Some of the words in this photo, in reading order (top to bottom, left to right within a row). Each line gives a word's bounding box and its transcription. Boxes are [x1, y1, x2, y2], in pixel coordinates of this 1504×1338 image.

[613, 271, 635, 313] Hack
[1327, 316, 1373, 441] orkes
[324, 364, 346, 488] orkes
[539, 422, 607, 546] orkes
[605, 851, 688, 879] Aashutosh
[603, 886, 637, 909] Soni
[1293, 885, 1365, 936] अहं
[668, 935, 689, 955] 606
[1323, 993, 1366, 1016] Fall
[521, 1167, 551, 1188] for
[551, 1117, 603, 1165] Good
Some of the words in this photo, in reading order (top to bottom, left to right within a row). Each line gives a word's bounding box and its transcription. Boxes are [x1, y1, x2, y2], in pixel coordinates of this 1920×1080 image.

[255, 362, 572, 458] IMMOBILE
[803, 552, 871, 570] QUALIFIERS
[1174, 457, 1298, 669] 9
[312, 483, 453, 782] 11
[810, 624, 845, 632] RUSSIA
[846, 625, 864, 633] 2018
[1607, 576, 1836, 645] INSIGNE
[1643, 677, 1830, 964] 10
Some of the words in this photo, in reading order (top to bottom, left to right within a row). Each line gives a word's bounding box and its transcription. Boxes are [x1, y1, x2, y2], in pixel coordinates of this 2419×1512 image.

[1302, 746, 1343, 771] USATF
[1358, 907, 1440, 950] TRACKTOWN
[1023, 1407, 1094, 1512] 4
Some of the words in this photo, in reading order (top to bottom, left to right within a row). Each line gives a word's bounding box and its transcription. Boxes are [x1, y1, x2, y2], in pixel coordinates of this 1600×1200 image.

_____

_WHAT IS REQUIRED_
The answer must be the line containing "this 2419×1512 image." and every line after it to the end of the data, exactly as written.

_SOLUTION TO THIS EXERCISE_
Some of the words in this photo, in reading order (top to bottom, left to right within a row). Each line gives a word's bounding box and its transcription. Boxes are [x1, y1, x2, y2], in pixel coordinates of this 2419×1512 image.

[1302, 746, 1343, 771] USATF
[1358, 907, 1440, 950] TRACKTOWN
[1023, 1407, 1094, 1512] 4
Some of the words in this photo, in reading order (top to bottom, left to right within a row). Each line gives a word's bounding box and its transcription. Boxes are [x1, y1, x2, y2], in pixel coordinates of this 1600×1200 image.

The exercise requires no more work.